Los recientes aranceles del 25% impuestos por Estados Unidos sobre productos automotrices no originarios de Norteamérica han comenzado a influir en las decisiones de producción de compañías automotrices en México. Esta situación ha motivado a empresas como Toyota y General Motors a reubicar líneas de producción en territorio estadounidense.
Datos clave
- Cuándo: A partir de 2025
- Dónde: San Antonio, Texas y plantas de Tennessee y Kansas
- Quién: Toyota y General Motors
- Cuánto: Inversión de 3,600 millones de dólares por Toyota
- Motivo: Aranceles y aumento de costos en México
El impacto de estos aranceles, que buscan fomentar la fabricación en Estados Unidos, plantea un desafío significativo para el sector automotriz en México. Además, factores como el aumento en los costos laborales y una fiscalización más estricta están llevando a las armadoras a replantear sus estrategias de producción, lo que podría afectar la competitividad del país como centro de manufactura.

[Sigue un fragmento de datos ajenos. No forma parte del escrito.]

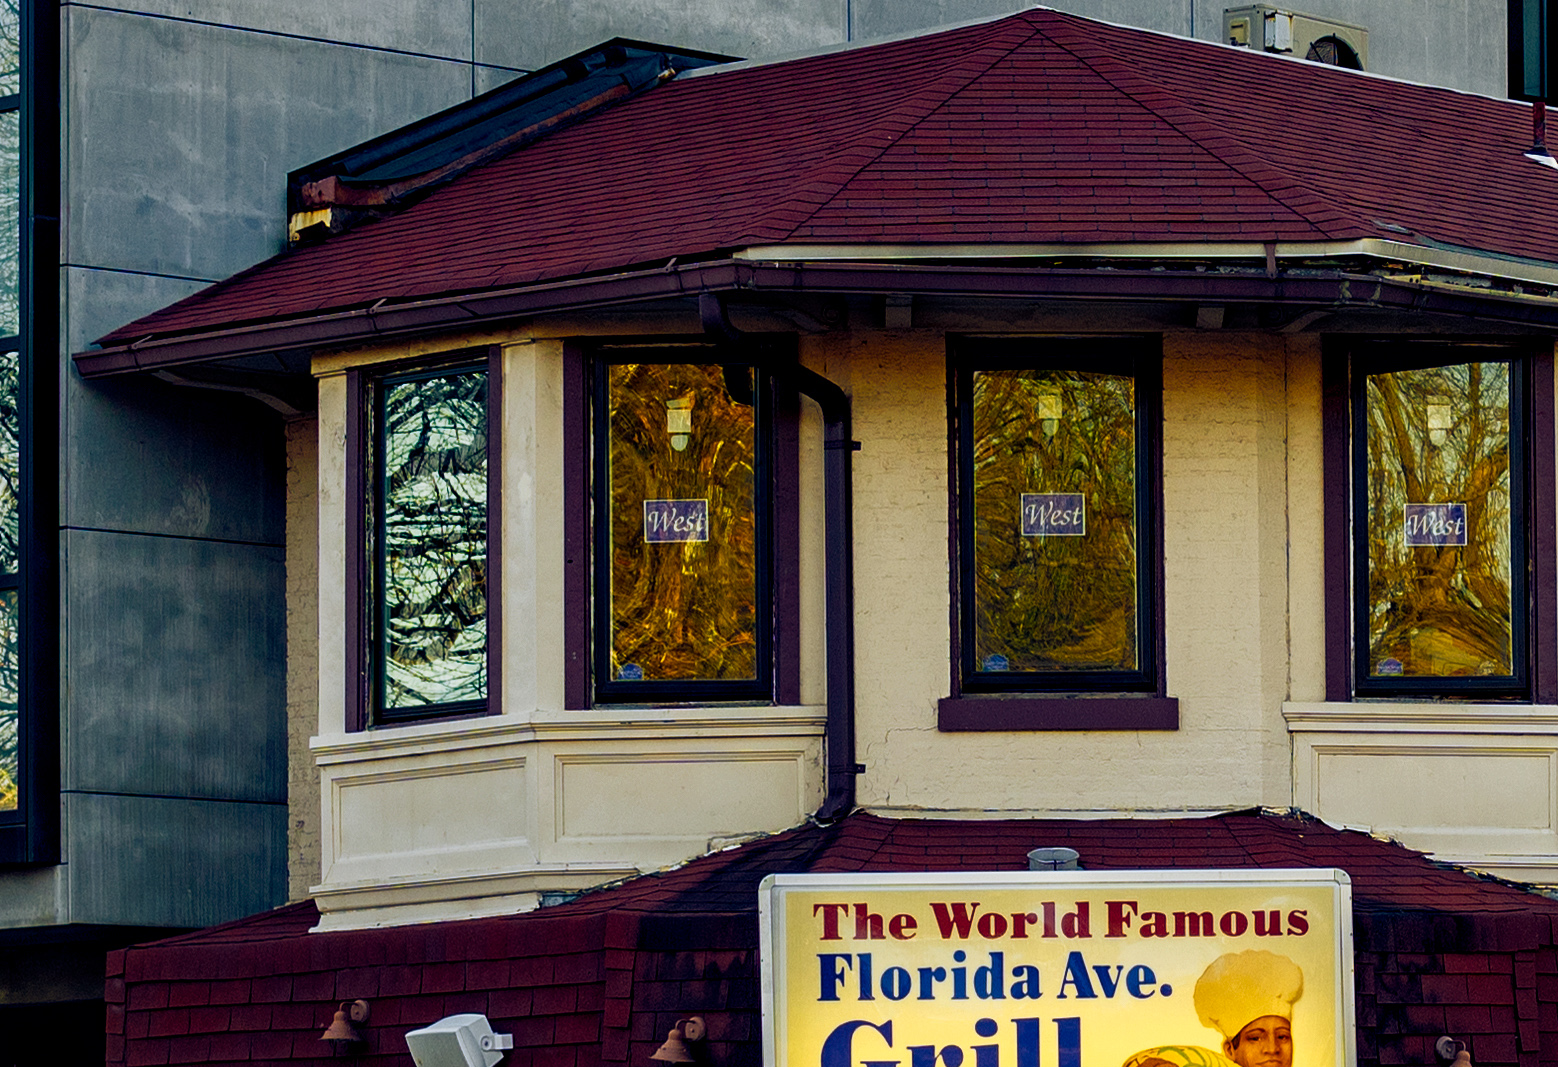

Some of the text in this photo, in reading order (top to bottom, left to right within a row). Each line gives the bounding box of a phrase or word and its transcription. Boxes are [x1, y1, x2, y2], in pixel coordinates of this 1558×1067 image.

[648, 507, 705, 532] West
[1025, 500, 1081, 526] West
[1407, 511, 1464, 536] West
[813, 900, 1309, 940] The World Famous
[816, 950, 1173, 1001] Florida Ave.

Toyota anunció que destinará 3,600 millones de dólares para expandir su planta en San Antonio y trasladará parte de la producción de la pickup Tacoma de Tijuana, donde ha estado ensamblando desde 2004. Por su parte, General Motors trasladará la manufactura de dos de sus SUVs más populares, la Chevrolet Blazer y la Equinox, a sus instalaciones en Tennessee y Kansas, comenzando en 2027.
¿Cómo afectan los aranceles a la industria automotriz en México?

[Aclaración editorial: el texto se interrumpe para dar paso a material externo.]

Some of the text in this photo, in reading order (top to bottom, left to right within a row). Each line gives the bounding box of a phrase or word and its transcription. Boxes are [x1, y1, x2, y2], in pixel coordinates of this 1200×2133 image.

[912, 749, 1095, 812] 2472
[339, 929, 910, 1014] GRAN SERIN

Los aranceles implementados están teniendo un efecto directo en los costos de producción. Hasta los vehículos que cumplen con las reglas de origen del T-MEC están sufriendo penalizaciones debido a los aranceles aplicados a los componentes que no son estadounidenses. Esto ha incrementado la tasa implícita a cerca del 15%, afectando la rentabilidad de las operaciones en el país.

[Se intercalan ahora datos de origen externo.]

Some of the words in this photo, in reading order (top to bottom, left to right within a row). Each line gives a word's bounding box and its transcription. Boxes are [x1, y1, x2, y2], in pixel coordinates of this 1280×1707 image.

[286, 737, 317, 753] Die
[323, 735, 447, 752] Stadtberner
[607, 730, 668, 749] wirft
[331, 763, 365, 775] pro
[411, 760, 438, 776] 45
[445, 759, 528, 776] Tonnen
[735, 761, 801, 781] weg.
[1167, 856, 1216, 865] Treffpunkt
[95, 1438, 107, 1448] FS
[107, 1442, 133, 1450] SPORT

¿Qué futuro le espera a la manufactura automotriz en México?
La incertidumbre en el sector automotriz señala un futuro complicado. Aunque México todavía mantiene ventajas competitivas en términos de costos frente a Europa, la presión del entorno comercial estadounidense está empujando a las firmas a evaluar sus inversiones estratégicamente. La combinación de aranceles y mayores costos laborales podría llevar a un cambio significativo en la dinámica de la producción en la región.
El panorama sugiere que la industria automotriz en México deberá adaptarse rápidamente para conservar su relevancia, mientras se anticipa que las condiciones comerciales puedan continuar evolucionando en el futuro cercano.